While ANX4 (item 9) displayed a low factor loading, it demonstrated suitable monotonicity and local independence. ANX1 (item 2) and ANX5 (item 15) demonstrated a lower, but acceptable, Loevinger H value. These items have been flagged in other studies. Duffy and colleagues [7] correlated the error terms between ANX5 (item 15) and ANX7 (item 20) due to poor fit. Shea and colleagues [14] found that ANX1 (item 2), ANX5 (item 15), and ANX7 (item 20) displayed poor fit with the Rasch model and removed ANX1, resulting in a 6-item anxiety scale that had improved fit. Parkitny and colleagues [13] observed disordered thresholds in ANX5 (item 15) but retained the item and its original scoring structure as alterations failed to meet the Rasch model requirements.

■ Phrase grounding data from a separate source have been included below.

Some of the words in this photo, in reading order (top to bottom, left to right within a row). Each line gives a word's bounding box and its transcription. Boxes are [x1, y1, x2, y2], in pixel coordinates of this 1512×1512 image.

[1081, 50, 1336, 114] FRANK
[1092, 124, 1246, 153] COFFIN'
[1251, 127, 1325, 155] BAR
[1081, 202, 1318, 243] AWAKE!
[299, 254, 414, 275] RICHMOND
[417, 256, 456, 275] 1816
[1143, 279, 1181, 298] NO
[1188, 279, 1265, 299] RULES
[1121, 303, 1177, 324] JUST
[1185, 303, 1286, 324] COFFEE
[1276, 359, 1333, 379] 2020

Like the depression items, it seems that these items sometimes demonstrate misfit due to their content and the samples gathered.

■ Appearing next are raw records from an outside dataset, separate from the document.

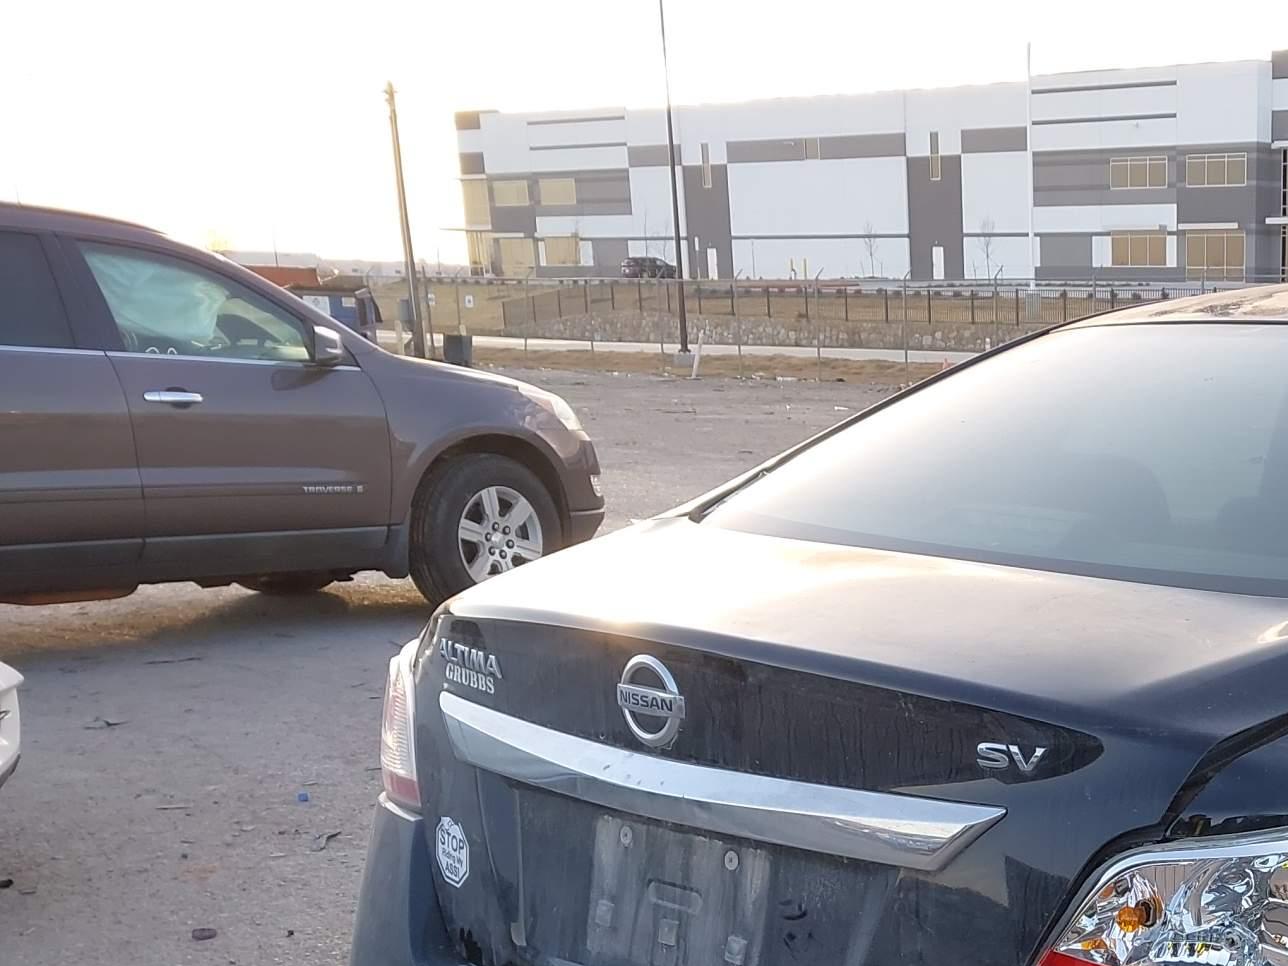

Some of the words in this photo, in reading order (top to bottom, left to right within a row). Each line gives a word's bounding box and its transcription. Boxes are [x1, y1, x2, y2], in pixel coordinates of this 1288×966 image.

[440, 638, 503, 680] ALTIMA
[445, 662, 495, 694] GRUBBS
[620, 690, 673, 712] NISSAN
[976, 742, 1047, 771] SV
[440, 828, 464, 855] STOP
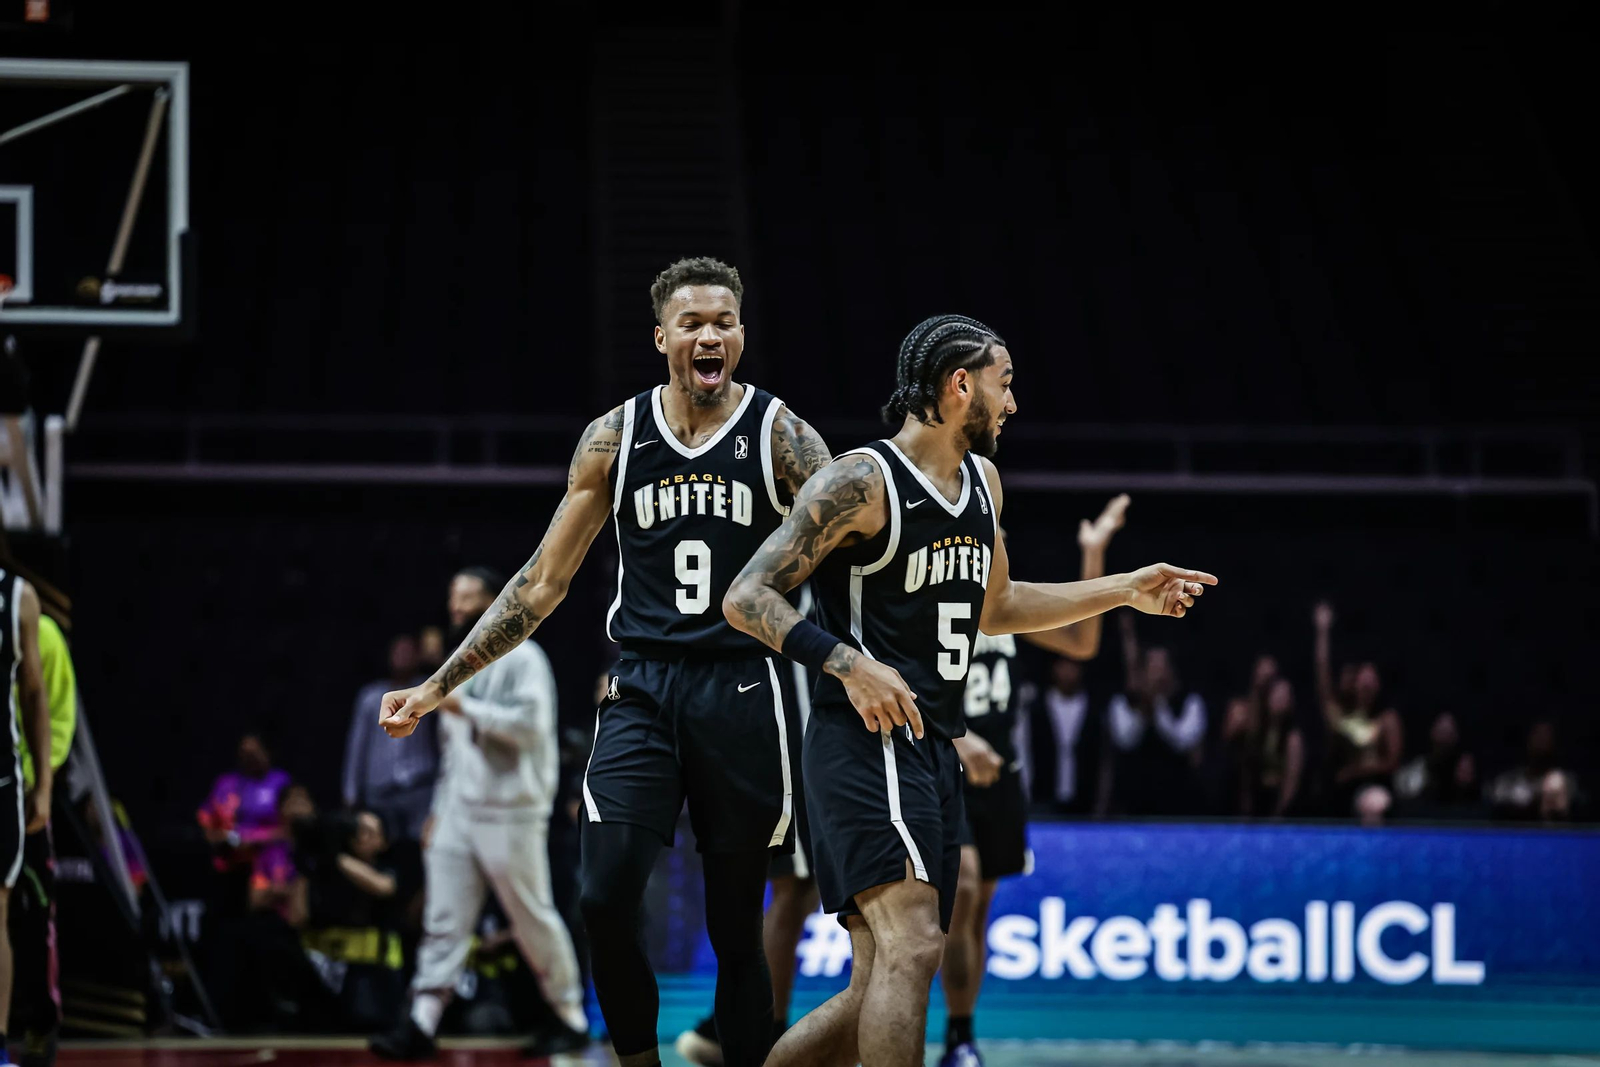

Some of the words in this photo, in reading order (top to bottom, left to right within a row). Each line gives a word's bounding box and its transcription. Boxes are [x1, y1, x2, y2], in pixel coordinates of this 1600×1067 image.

[634, 480, 753, 530] UNITED
[660, 473, 726, 487] NBAGL
[904, 543, 992, 594] UNITED
[933, 536, 980, 551] NBAGL
[674, 540, 712, 615] 9
[937, 602, 972, 681] 5
[963, 657, 1012, 718] 24
[795, 896, 1486, 985] #sketballCL

Within the bifactor CFA, the factor loadings for the stress items on the individual stress latent construct were generally low, largely being explained by the general negative affect latent trait. This may explain the higher RMSEA when conducting a unidimensional CFA with just the stress items—there appears to be residual variance unexplained by the stress latent trait alone. While the items measure the construct of stress, it may be that people’s stress manifests in various ways, and thus, people’s pattern of responses to this item are unpredictable. Crawford and Henry [4] noted some literature had found STR1 (item 1) to have minor misspecification, but that no previous studies demonstrated a pattern of specific item removals. Overall, the stress scale appears to be the weakest of the 3 within the DASS-21 but not sufficiently problematic to justify removal of the latent trait (such as in the tripartite model).

CAT Simulation

All 3 scales presented as “peaked tests” and thus do not measure efficiently at the very low end of the trait spectrum. This results in the same 1 or 2 items being administered for those with high levels of depression, anxiety, or stress. Stronger correlations were found between CAT simulated θ scores and true θ scores as the participants possessed higher levels of depression, anxiety, and stress; however, this began to reverse as participants approached a θ of 3.0. This is consistent with research by Page et al [27] who found the depression scale has a ceiling effect and does not measure severe depressive symptoms such as suicidal ideation or vegetative symptoms well. For the depression scale, depending on the SEM stop rule set, fewer efficiencies are gained outside the range of approximately 0θ to 2.5θ; for anxiety and stress, this same pattern is evident outside of approximately 0.0θ to 3.0θ. The stability of these findings is compromised by only having few real participants in the upper extremes of the θ range, likely due to using a nonclinical sample.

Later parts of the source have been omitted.